A 2013 study found that those Americans who consumed news from conservative news sources such as Fox had a higher distrust of science and scientists, than did those who read or watched non-conservative media.
Breaking through to those who fiercely deny the existence of climate change is no easy task, the Oklahoma State University researchers concluded.
The countermovement includes "fossil fuel corporations and business allies like the U.S. Chamber of Commerce, conservative think tanks and their funders, conservative media, and a large supporting cast of front groups, bloggers and contrarian scientists," the Oklahoma State University study said.
"Does any persuasive framing strategy hold special promise for penetrating Republicans' partisan/ideological identities? The evidence so far gives us little basis for optimism."
Since Republicans have spent so long telling their constituents that climate change is not a serious threat, they are in no position to do anything about it in government.

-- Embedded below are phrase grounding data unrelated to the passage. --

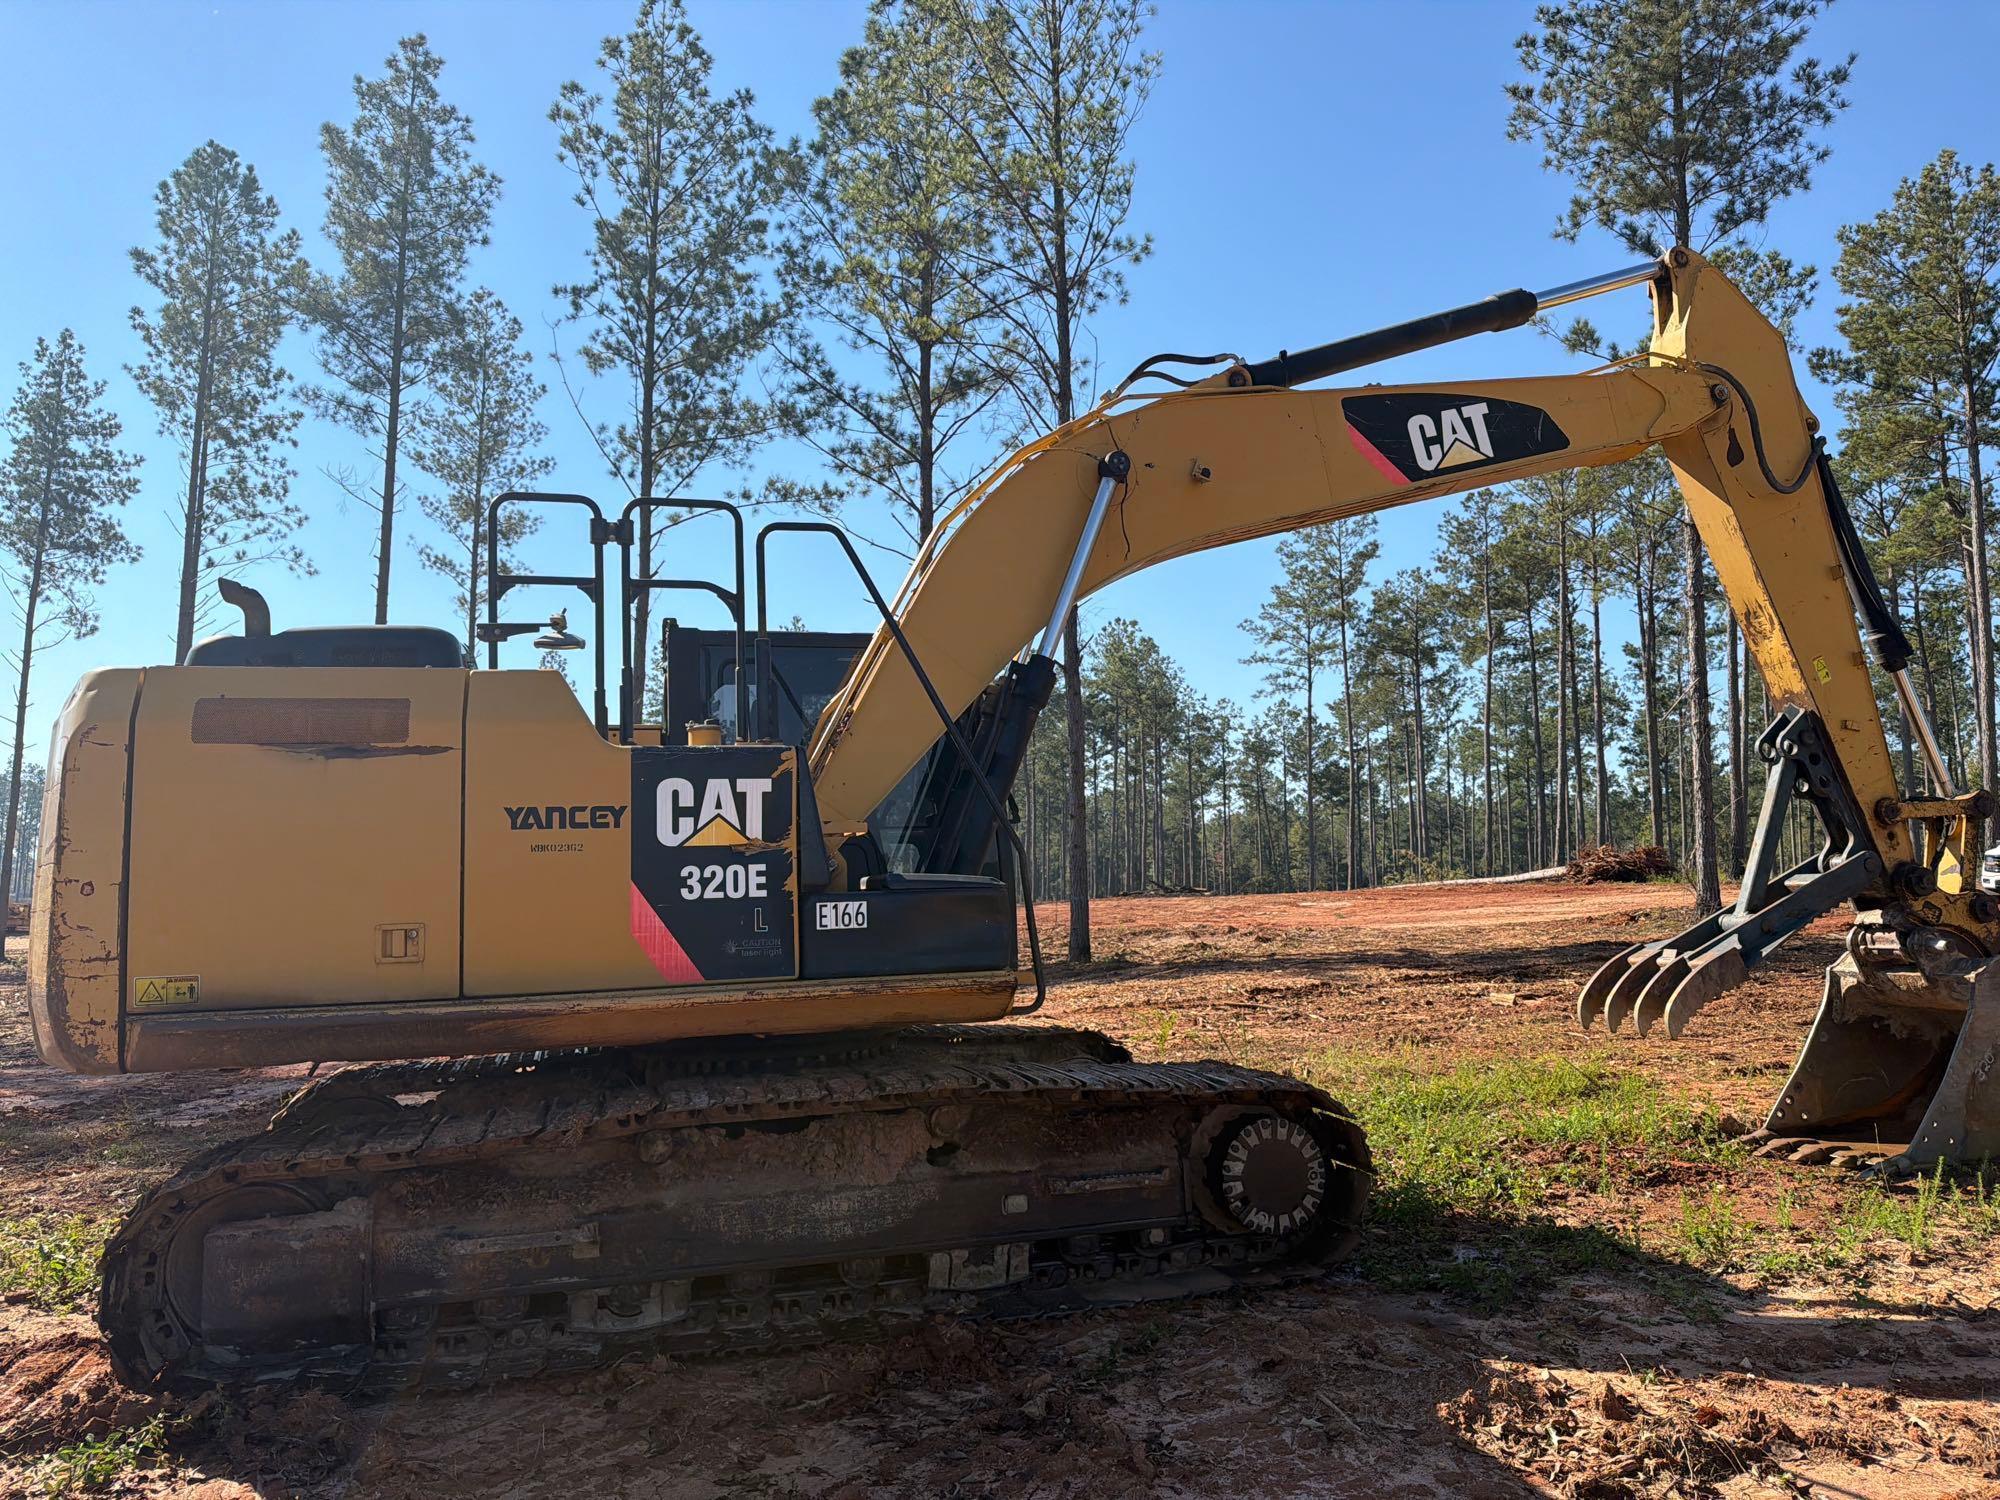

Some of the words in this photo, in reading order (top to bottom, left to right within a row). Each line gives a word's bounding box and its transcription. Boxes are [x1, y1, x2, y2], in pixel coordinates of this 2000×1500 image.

[1407, 402, 1494, 471] CAT
[503, 805, 628, 830] YANCEY
[656, 777, 772, 847] CAT
[680, 863, 768, 901] 320E
[754, 907, 769, 932] L
[818, 902, 866, 928] E166
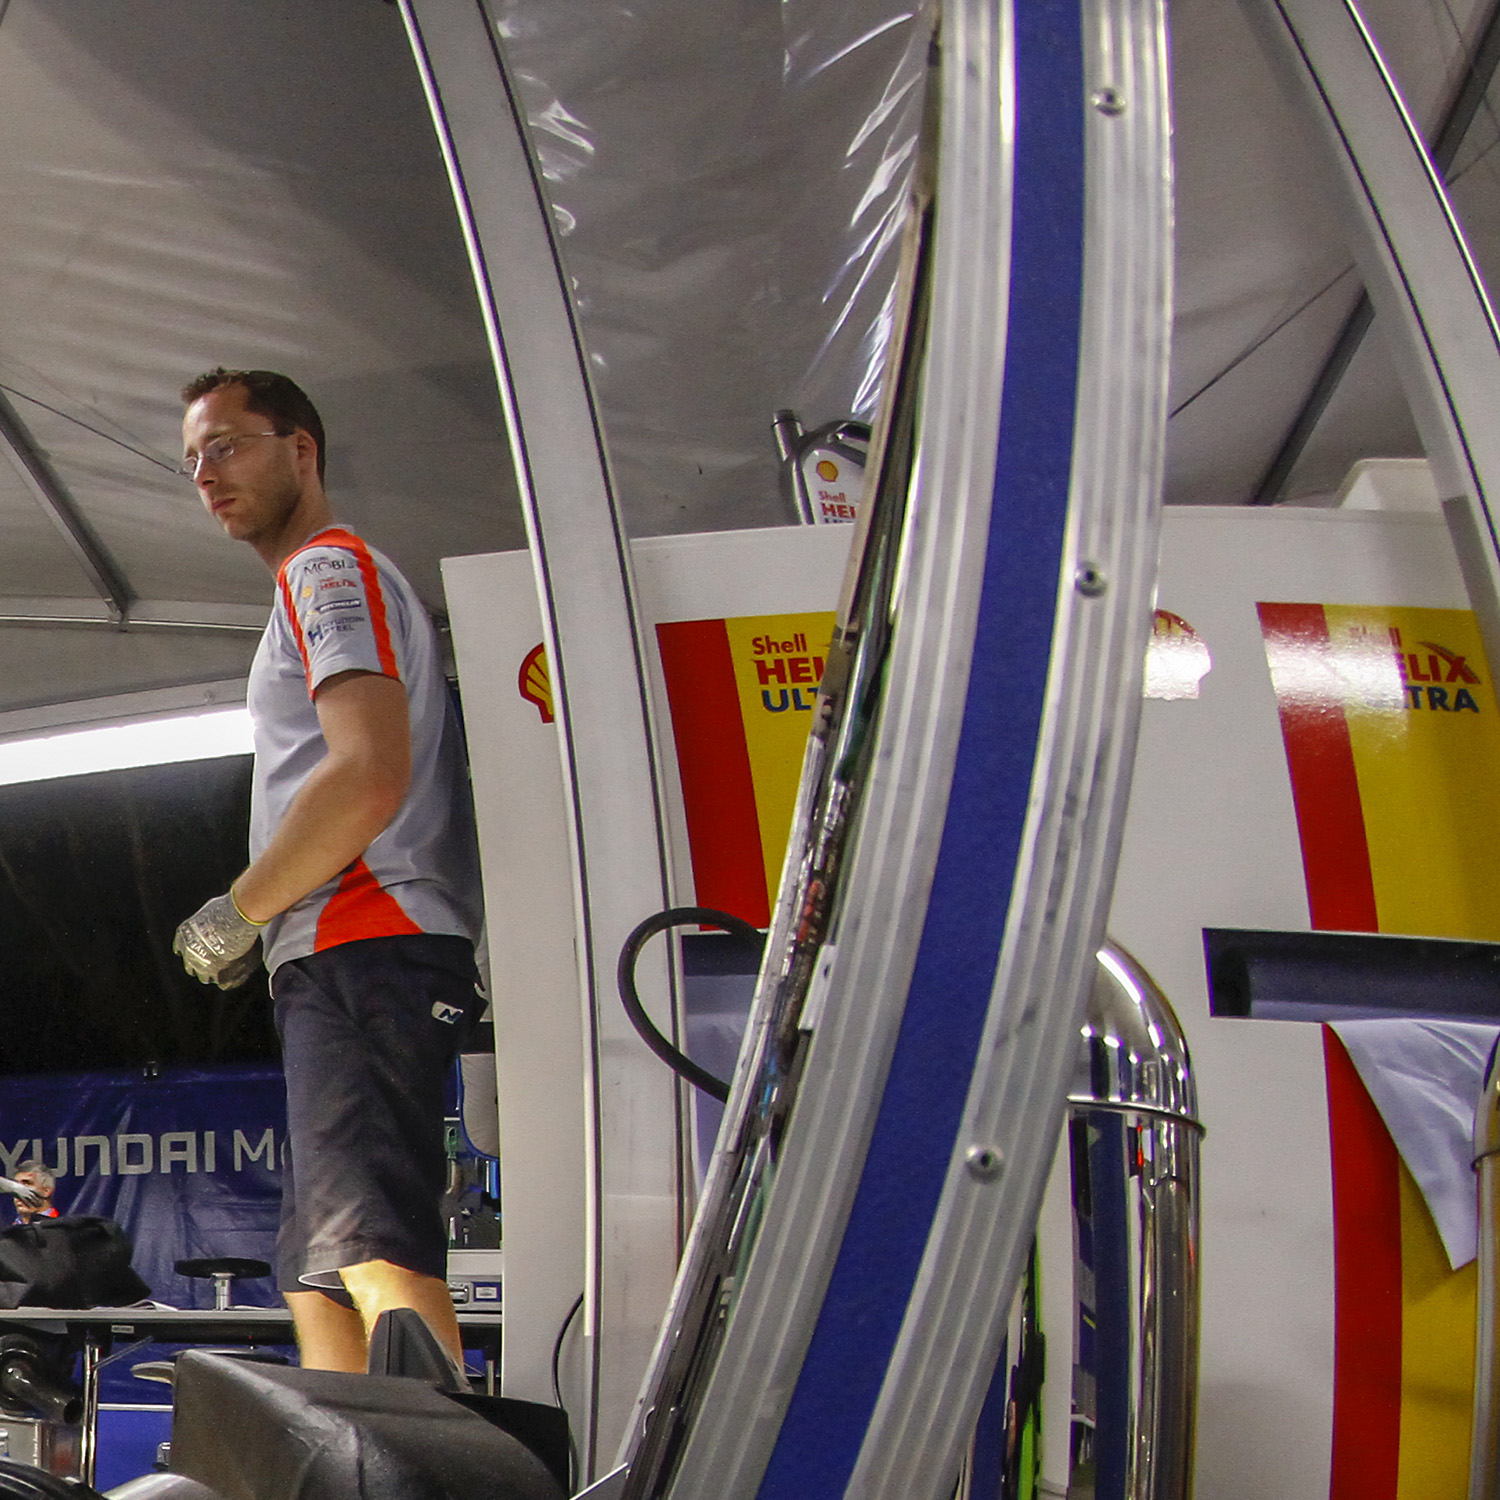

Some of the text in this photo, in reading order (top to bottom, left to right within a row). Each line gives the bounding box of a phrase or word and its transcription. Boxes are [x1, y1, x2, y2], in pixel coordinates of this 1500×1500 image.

[819, 491, 846, 502] Shell
[752, 633, 807, 655] Shell
[1394, 641, 1481, 684] LIX
[233, 1128, 287, 1172] M

This leaves the Democrats with the responsibility to pass as much legislation to lessen the impact of climate change and deal with its consequences. Since Republicans insist on vetoing nearly all legislation concerning the threat, it is likely that if Hillary Clinton is elected, she will have to follow Obama's footsteps and implement policy through executive actions.
Conservative media and politicians may not be the only reasons why Americans are so divided about the climate: Corporate groups are also hedging their bets and throwing investment behind both sides, an investigation by Reuters found.
Some of the country's most vocal corporate supporters of Obama's environmental programs have been found to be funding some of the most ardent anti-climate change politicians in Washington. Among these companies are PepsiCo, Dupont and Google, Reuters said on Tuesday.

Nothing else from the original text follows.